▶ **Task directions**: Output the complete listing exactly, please, and keep the pictures out of it.
*** Opening of Data under study ***
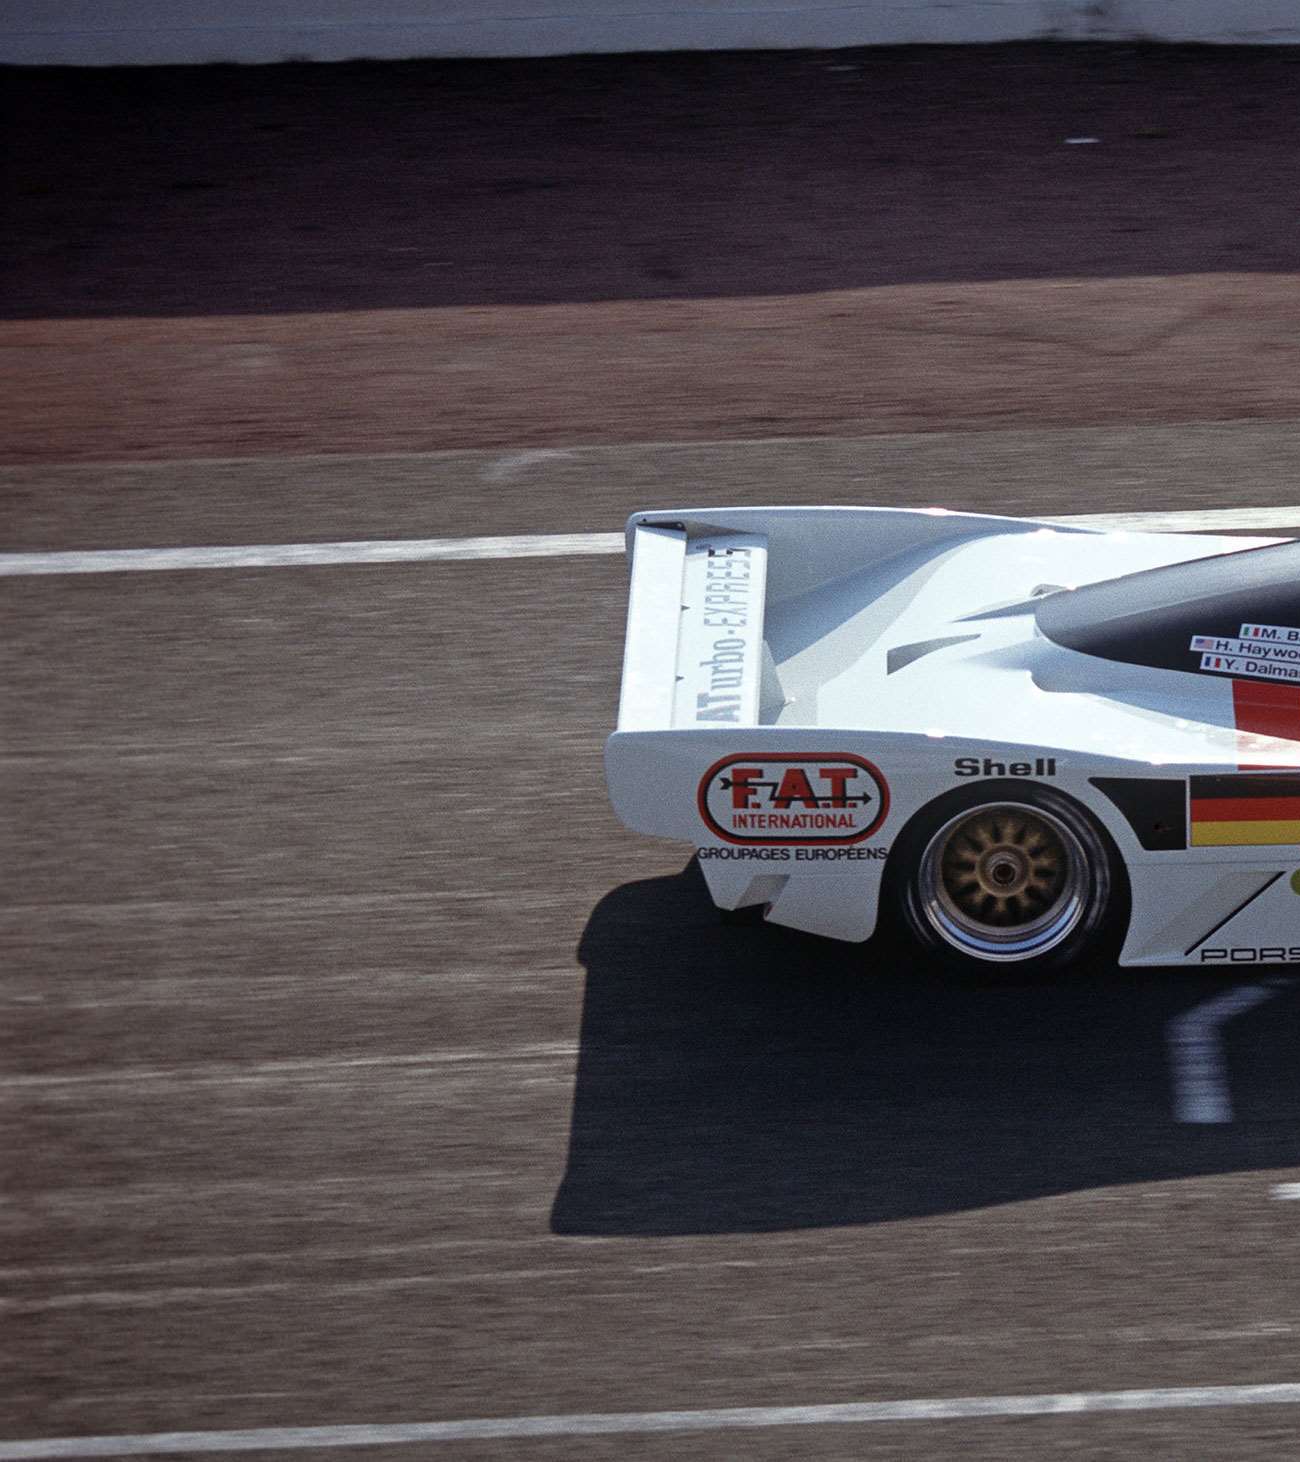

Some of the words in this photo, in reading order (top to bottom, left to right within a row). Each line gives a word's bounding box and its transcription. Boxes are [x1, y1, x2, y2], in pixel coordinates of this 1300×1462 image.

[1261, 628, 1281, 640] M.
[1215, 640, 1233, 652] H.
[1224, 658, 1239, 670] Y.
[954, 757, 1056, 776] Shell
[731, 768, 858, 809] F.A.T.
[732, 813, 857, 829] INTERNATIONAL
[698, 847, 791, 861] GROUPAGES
*** Close of Data under study ***
▶ **Output of the exercise**:
Some of the words in this photo, in reading order (top to bottom, left to right within a row). Each line gives a word's bounding box and its transcription. Boxes are [x1, y1, x2, y2], in pixel coordinates of this 1300×1462 image.

[1261, 628, 1281, 640] M.
[1215, 640, 1233, 652] H.
[1224, 658, 1239, 670] Y.
[954, 757, 1056, 776] Shell
[731, 768, 858, 809] F.A.T.
[732, 813, 857, 829] INTERNATIONAL
[698, 847, 791, 861] GROUPAGES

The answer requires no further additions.